▶ _Exercise prompt_: Omitting the images, transcribe the records below exactly as they stand.

##### Supplied information

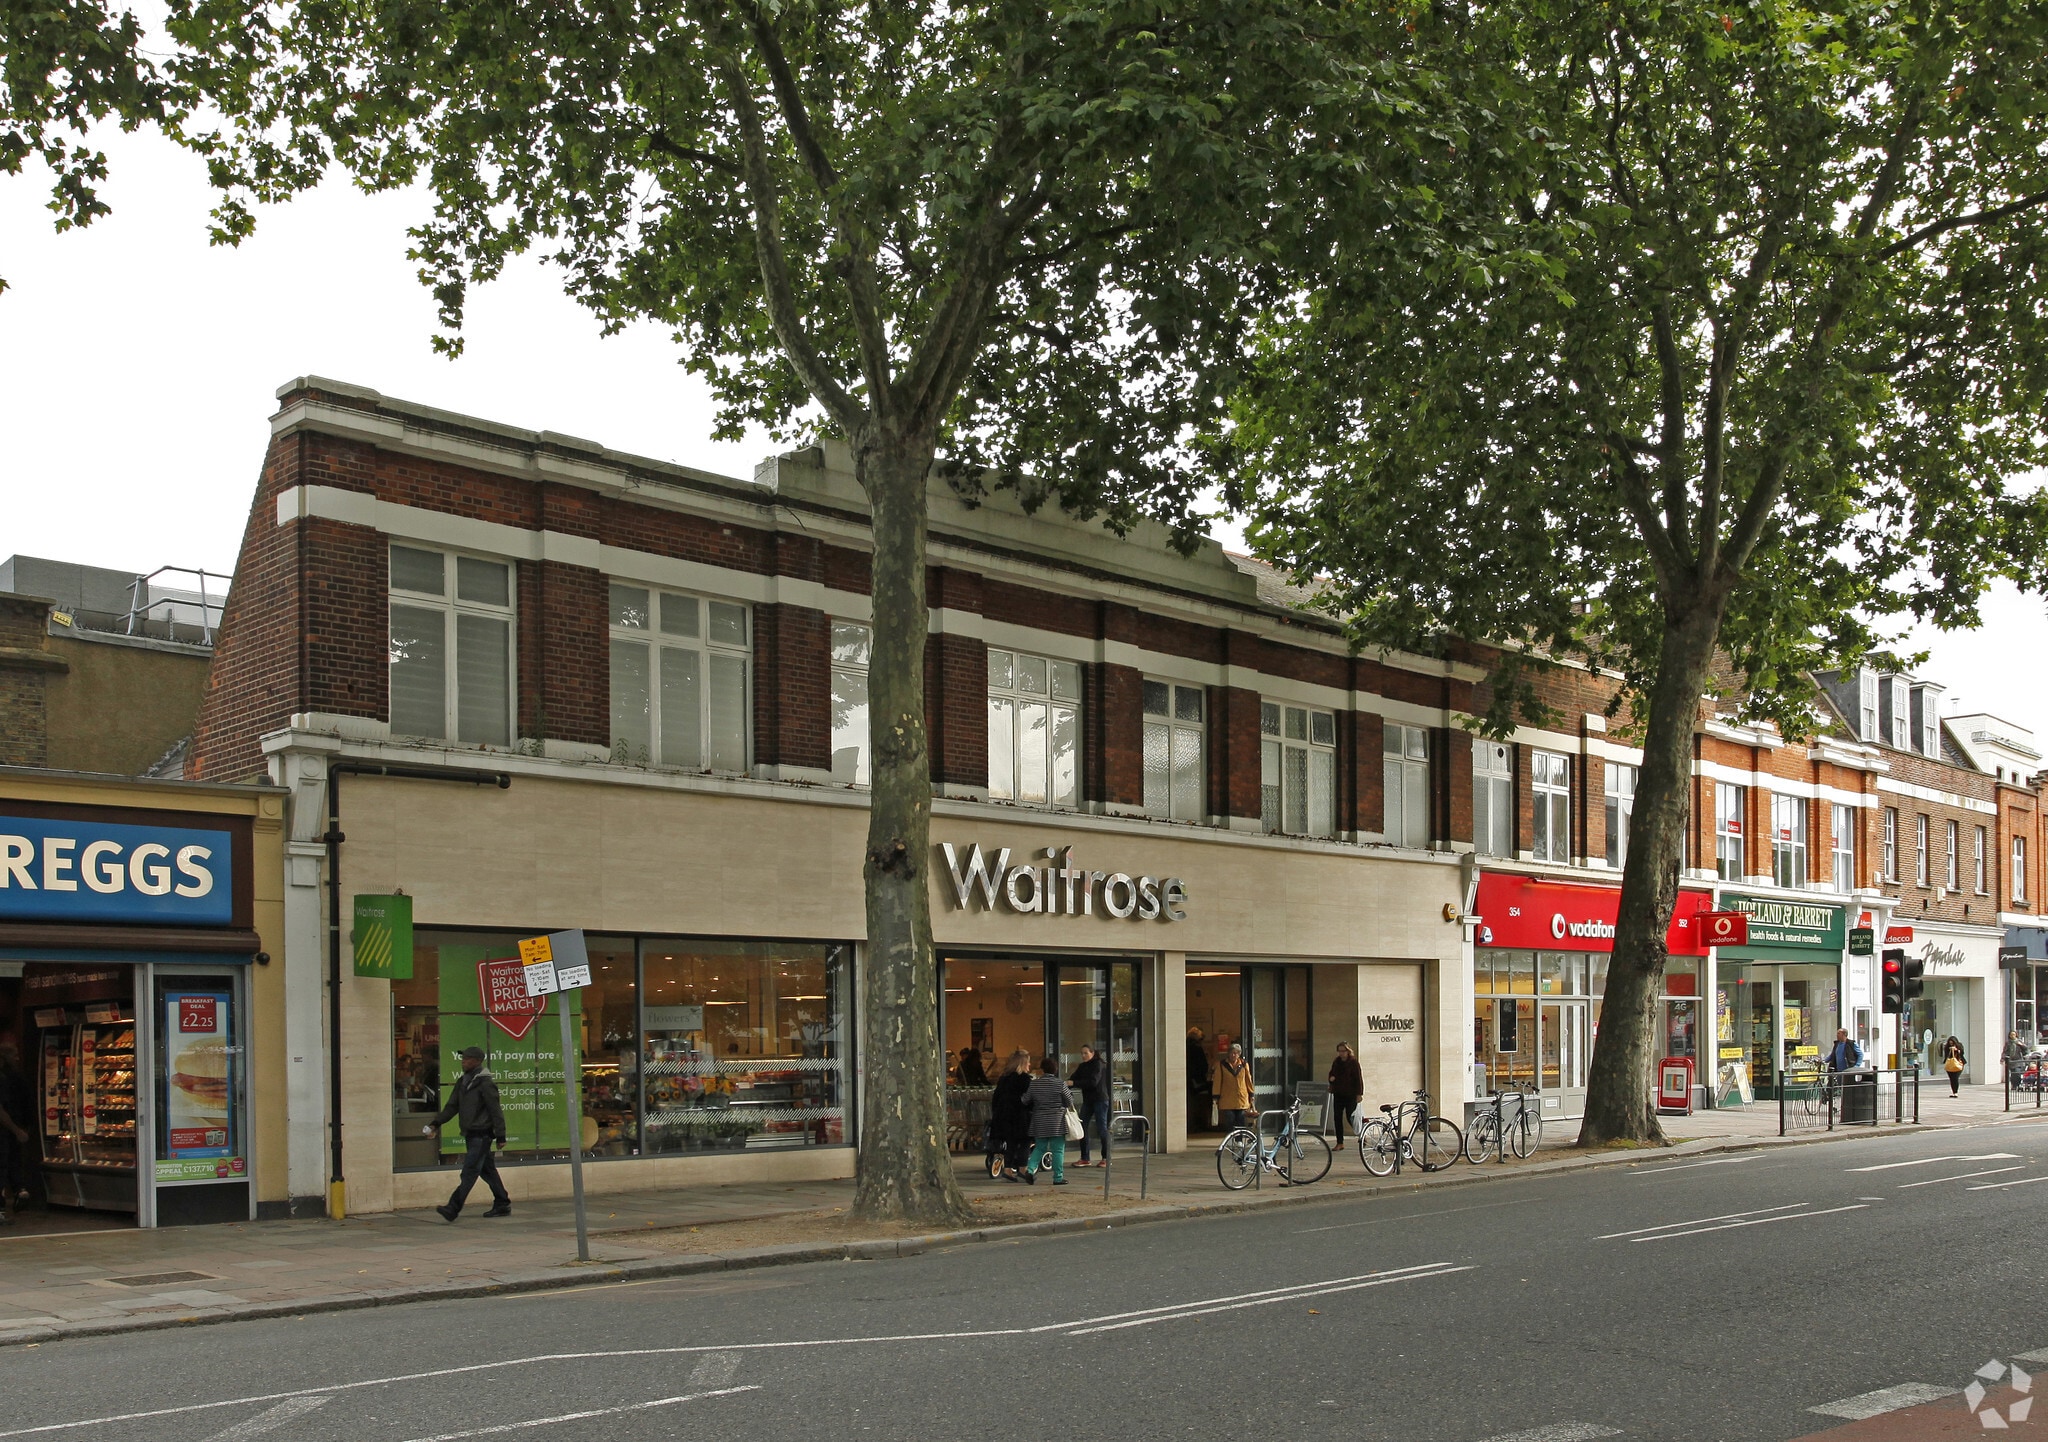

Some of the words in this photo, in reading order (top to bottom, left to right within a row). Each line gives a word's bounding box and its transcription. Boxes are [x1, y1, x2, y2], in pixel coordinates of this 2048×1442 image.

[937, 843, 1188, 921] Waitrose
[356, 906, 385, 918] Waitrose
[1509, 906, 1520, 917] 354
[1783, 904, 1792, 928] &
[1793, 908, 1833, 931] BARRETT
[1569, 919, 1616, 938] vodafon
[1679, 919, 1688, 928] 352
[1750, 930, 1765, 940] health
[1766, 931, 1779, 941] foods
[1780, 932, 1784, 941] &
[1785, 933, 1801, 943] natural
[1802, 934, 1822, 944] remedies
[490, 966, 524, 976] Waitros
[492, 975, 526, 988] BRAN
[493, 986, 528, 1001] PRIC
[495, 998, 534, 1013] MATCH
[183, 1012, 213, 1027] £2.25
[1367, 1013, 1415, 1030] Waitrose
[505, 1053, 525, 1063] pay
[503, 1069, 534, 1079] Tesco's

##########

▶ _Task response_:
Some of the words in this photo, in reading order (top to bottom, left to right within a row). Each line gives a word's bounding box and its transcription. Boxes are [x1, y1, x2, y2], in pixel coordinates of this 2048×1442 image.

[937, 843, 1188, 921] Waitrose
[356, 906, 385, 918] Waitrose
[1509, 906, 1520, 917] 354
[1783, 904, 1792, 928] &
[1793, 908, 1833, 931] BARRETT
[1569, 919, 1616, 938] vodafon
[1679, 919, 1688, 928] 352
[1750, 930, 1765, 940] health
[1766, 931, 1779, 941] foods
[1780, 932, 1784, 941] &
[1785, 933, 1801, 943] natural
[1802, 934, 1822, 944] remedies
[490, 966, 524, 976] Waitros
[492, 975, 526, 988] BRAN
[493, 986, 528, 1001] PRIC
[495, 998, 534, 1013] MATCH
[183, 1012, 213, 1027] £2.25
[1367, 1013, 1415, 1030] Waitrose
[505, 1053, 525, 1063] pay
[503, 1069, 534, 1079] Tesco's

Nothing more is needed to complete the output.